Above is primer all flatted see how all the guide coat has been removed this was done with an orbital sander using P500. same approach can be applied if your wet flatting using P600 then use P800-1000 for a finer finish, rest of the panels that are to be painted are flatted with P1000 then a 3m grey scotchbrite is used to make sure the paint is keyed up ready for painting.








In the oven masked ready for spraying just needs to be solvent wiped, then waterbase degreaser blown of and tacked off then ready for colour to be applied.

















above is finished product all painted and ready to be fitted up. 
if your using aerosol cans use the same flatting approach but with finer flatting paper, a tip with aerosol primer is apply 2-3 coats then let it fully dry flat it with some P800 then apply another couple of coats and flat with P1000 it will give you a better finish, but remember to leave it 10-15 mins between coats to let it dry before applying more coats .

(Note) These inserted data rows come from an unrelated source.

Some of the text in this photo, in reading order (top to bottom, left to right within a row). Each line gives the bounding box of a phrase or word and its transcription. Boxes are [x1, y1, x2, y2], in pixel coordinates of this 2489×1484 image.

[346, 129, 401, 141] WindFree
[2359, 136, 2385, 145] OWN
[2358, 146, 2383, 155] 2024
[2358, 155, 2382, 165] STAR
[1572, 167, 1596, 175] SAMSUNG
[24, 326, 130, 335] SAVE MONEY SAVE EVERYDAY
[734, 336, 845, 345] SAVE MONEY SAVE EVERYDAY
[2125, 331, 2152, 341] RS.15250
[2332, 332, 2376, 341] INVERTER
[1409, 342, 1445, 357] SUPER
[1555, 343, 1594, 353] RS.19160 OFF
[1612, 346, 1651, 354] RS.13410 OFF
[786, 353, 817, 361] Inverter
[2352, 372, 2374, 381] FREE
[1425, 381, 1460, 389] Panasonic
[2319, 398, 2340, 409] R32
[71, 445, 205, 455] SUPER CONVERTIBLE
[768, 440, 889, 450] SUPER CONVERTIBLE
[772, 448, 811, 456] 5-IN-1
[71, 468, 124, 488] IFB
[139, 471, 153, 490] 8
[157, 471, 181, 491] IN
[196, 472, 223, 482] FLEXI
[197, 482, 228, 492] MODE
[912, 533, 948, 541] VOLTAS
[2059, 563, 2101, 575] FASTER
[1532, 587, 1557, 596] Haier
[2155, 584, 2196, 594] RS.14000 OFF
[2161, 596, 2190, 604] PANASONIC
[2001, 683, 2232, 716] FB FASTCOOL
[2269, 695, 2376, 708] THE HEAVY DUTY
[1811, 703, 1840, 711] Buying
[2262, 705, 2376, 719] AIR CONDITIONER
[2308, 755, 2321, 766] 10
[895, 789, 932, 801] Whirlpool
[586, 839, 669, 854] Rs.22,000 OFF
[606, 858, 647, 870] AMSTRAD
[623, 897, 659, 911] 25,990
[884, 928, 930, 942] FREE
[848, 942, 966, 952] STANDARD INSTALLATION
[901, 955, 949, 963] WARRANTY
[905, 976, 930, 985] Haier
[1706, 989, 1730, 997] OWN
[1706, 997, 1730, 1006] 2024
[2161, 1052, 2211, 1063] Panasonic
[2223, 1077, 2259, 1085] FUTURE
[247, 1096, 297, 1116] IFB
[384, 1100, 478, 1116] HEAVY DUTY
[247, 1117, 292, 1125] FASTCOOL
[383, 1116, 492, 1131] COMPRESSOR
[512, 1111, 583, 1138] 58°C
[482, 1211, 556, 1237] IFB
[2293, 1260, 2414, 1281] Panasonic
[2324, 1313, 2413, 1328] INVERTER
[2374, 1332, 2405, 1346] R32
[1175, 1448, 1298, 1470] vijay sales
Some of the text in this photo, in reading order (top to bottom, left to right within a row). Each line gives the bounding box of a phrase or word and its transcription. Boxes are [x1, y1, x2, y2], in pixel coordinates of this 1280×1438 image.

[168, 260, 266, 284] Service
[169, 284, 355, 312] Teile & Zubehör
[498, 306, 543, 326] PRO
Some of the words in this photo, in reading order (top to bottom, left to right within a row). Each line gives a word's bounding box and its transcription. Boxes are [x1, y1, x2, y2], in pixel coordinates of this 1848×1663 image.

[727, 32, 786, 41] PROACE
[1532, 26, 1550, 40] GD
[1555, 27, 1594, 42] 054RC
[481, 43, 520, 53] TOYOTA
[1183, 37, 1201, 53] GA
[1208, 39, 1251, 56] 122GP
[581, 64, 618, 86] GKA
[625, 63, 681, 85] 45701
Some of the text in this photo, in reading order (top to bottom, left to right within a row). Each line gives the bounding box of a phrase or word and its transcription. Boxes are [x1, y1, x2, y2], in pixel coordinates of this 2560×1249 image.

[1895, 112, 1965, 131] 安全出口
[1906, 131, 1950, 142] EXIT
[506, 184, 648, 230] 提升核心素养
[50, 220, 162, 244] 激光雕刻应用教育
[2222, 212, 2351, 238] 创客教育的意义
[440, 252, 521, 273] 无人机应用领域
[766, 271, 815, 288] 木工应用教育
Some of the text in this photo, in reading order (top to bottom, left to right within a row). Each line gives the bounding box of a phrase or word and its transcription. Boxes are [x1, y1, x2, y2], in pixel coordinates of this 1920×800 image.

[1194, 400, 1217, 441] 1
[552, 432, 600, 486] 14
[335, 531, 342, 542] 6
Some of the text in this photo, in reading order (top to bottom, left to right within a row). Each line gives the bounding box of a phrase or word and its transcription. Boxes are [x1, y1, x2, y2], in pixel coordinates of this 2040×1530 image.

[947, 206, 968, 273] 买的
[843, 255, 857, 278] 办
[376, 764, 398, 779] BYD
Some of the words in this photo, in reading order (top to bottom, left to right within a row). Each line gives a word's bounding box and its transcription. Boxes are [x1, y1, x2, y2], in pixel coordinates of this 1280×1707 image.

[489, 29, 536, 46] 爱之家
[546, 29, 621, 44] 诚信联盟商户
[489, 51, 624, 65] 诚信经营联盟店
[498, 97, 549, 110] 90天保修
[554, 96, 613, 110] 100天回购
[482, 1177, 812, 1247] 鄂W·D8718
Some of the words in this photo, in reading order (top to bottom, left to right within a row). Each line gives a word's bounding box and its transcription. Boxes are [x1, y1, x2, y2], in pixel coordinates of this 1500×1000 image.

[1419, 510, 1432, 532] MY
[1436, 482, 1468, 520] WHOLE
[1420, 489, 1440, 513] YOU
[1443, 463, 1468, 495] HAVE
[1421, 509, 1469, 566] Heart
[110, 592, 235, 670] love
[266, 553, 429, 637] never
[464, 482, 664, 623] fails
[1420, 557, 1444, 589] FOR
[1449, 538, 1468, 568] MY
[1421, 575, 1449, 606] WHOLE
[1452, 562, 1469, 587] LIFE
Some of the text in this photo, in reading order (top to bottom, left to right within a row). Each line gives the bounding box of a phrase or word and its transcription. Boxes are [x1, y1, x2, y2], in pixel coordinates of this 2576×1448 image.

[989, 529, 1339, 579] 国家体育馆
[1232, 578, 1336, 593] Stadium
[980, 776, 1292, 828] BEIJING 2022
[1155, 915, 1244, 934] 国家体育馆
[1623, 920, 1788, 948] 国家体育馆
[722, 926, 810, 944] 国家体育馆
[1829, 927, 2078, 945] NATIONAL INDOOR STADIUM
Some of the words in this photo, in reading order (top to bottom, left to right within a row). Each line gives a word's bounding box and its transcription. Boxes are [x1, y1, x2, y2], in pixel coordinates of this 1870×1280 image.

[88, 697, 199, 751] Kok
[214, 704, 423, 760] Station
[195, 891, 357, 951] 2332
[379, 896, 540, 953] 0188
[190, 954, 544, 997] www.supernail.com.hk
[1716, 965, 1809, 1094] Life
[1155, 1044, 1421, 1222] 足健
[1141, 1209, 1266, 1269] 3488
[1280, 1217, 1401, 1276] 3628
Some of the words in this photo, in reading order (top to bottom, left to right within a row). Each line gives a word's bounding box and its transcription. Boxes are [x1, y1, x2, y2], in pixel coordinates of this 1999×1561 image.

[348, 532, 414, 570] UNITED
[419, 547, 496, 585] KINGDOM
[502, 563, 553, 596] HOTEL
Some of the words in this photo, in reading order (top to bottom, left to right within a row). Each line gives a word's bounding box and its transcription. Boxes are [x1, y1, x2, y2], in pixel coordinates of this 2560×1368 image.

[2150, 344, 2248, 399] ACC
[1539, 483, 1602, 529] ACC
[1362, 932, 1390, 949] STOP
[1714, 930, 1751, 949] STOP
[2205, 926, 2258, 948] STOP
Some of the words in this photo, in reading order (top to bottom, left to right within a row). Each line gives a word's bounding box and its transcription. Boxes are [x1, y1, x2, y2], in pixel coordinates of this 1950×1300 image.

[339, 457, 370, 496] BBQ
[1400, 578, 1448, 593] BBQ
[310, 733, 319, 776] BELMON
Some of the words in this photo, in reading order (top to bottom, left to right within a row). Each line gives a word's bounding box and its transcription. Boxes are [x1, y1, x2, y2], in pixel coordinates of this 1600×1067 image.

ALWAYS REMEMBER GET THE PREP WORK RIGHT AS ITS THE PREP WORK THAT WILL MAKE THE PAINT JOB DONT RUSH THE PREP WORK.


----------



## ianFRST

i would love to learn how to paint


----------



## Yozza

Same here. But dont know of anyone round here that does courses


----------



## sean20

same hear iv got a compressor and gun. i have resprayed the side of my old car and i was very pleased for my 1st attempt but there were a few areas there were orange pealy.
but i did enjoy it


----------



## Ultra

A little more detail would nice andy, words like tacked off and keyed will leave plenty of interested people a tad confused, i know what you mean but i,m sure that there are plenty that dont


----------



## Andyb0127

Tack cloth/rag is h) is a specialized type of**wiping cloth**that is**treated**with a 'tacky' material. It is designed to remove loose particles of dust, dirt and lint that would contaminate a surface that is to be painted, coated, laminated, photo-etched, or otherwise finished.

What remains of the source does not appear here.